今回の改正の最大のポイントは、暗号資産(特定暗号資産)取引に係る所得が「申告分離課税」の対象となる点です。

図表1のとおり、これまでは「雑所得」として総合課税の対象であったため、所得水準の高い層にとっては暗号資産で利益を出すと半分以上が税金で引かれてしまい、極めて税負担の重い資産クラスでした。

しかし改正後は、金融商品取引法上の登録業者(国内取引所)で扱う「特定暗号資産」の現物取引やデリバティブ取引などを対象に、他の所得と分けて一律20%(所得税15%、住民税5% ※別途、復興特別所得税が加算され20.315%)の申告分離課税が適用されることになります。

【図表2】総合課税の累進税率イメージ

※課税される所得金額に千円未満の端数があるときは、その端数を切り捨ててからこの表を適用する
出所:国税庁「所得税の税率」を基に日本FP協会作成

図表2のとおり、例えば総合課税では課税所得金額が330万円を超えると適用される税率(超過部分の税率)が20%を上回り、住民税との合計では30%を上回ります。総合課税では、暗号資産の利益が給与所得など他の所得と合算され、その「合計額」に対して税率が決まります。そのため、本業の所得が高い層は、暗号資産の利益が少額であっても、高い税率が適用されていました。

しかし、申告分離課税が導入されると、暗号資産の利益は他の所得とは完全に切り離され、税率が一律20%に固定されます。そのため、高所得者層をはじめとする投資家にとって、税負担が大幅に軽減される見込みです。

さらに、株式投資などと同様に「損失の繰越控除」が認められる点も、実務上極めて重要です。暗号資産はボラティリティ(価格変動)が大きく、単年で大きな損失を計上するリスクが伴います。これまでは損失を出しても翌年以降に繰り越すことができず、ある年に大損をして翌年に利益が出た場合、トータルでの収支がマイナスであっても翌年の利益に対しては全額課税されていました。

しかし改正後は、確定申告を行うことで、生じた損失を翌年以降「3年間」にわたって利益と相殺(繰越控除)できるようになります。これにより、利益が出た年の税負担を平準化することが可能となります。

2026年度の税制改正大綱による見直しによって、暗号資産への投資環境は劇的に変化します。高い税率や損失が繰り越せないといった税制面での懸念から暗号資産への投資を避けていた人にとっても、株式投資などと同じような感覚でチャレンジしやすくなるでしょう。

ただし、注意点も存在します。

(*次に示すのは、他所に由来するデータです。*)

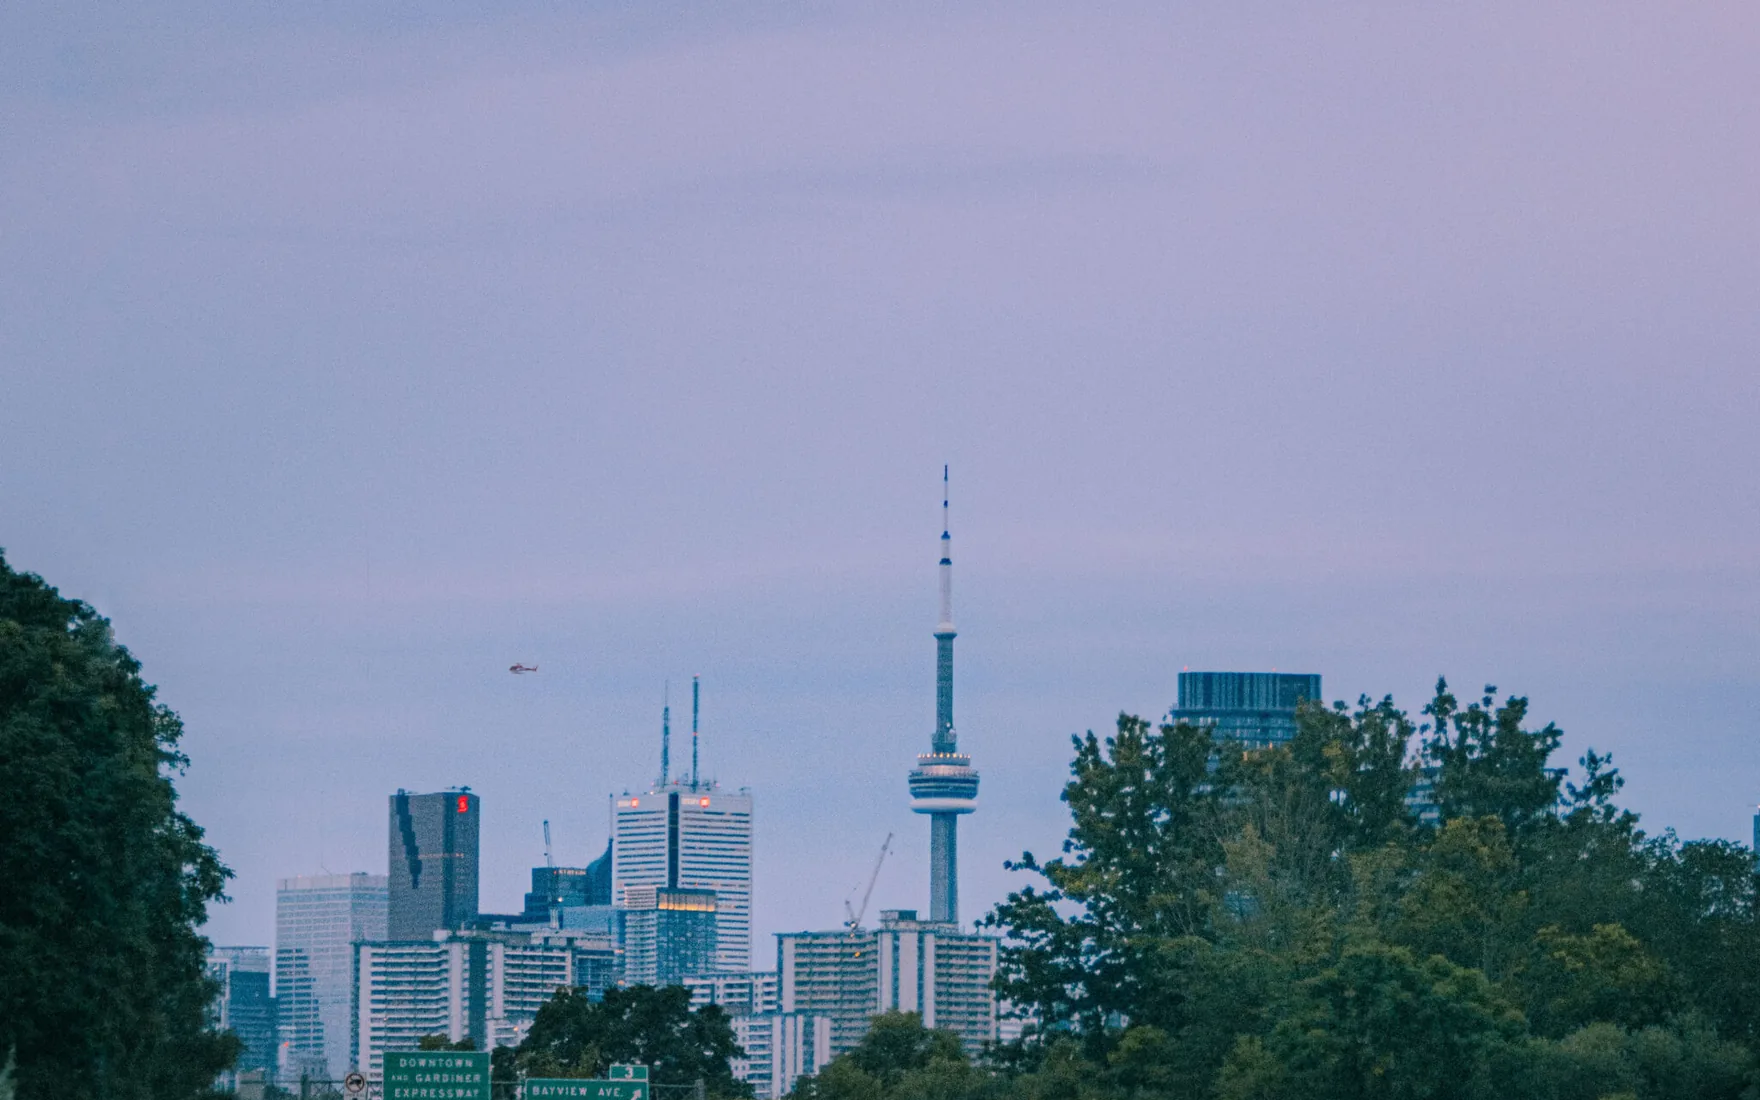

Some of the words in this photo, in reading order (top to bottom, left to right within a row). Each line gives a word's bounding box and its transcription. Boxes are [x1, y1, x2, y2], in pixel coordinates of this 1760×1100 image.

まず、税制が有利になったといっても、暗号資産特有の大きな価格変動リスクは変わりません。次に適用時期です。申告分離課税の実際の適用は関連法案の施行等を待つ必要があり、現時点では2028年(令和10年)1月以降となる見通しです。新税制の適用前に利益を確定させてしまうと現行の総合課税が適用されるため、今後のタックス・プランニングには十分な注意が必要です。

もう1点は、対象となるのが国内の登録業者が扱う「特定暗号資産」等に限定される見込みという点です。海外取引所などでの取引は引き続き総合課税となる可能性があります。もちろん、暗号資産同士を交換したタイミングや、暗号資産で買い物等をしたタイミングでも利益が確定したとみなされる点はこれまでと変わりません。

今後、新しい制度の具体的な適用開始時期や詳細なルールについて、国税庁などから随時発表される予定です。投資の幅を広げる良い機会として新しい税制のルールを正しく理解しつつ、ご自身や顧客のライフプランやリスク許容度に合った無理のない範囲で、資産形成の1つの選択肢として検討してみてはいかがでしょうか。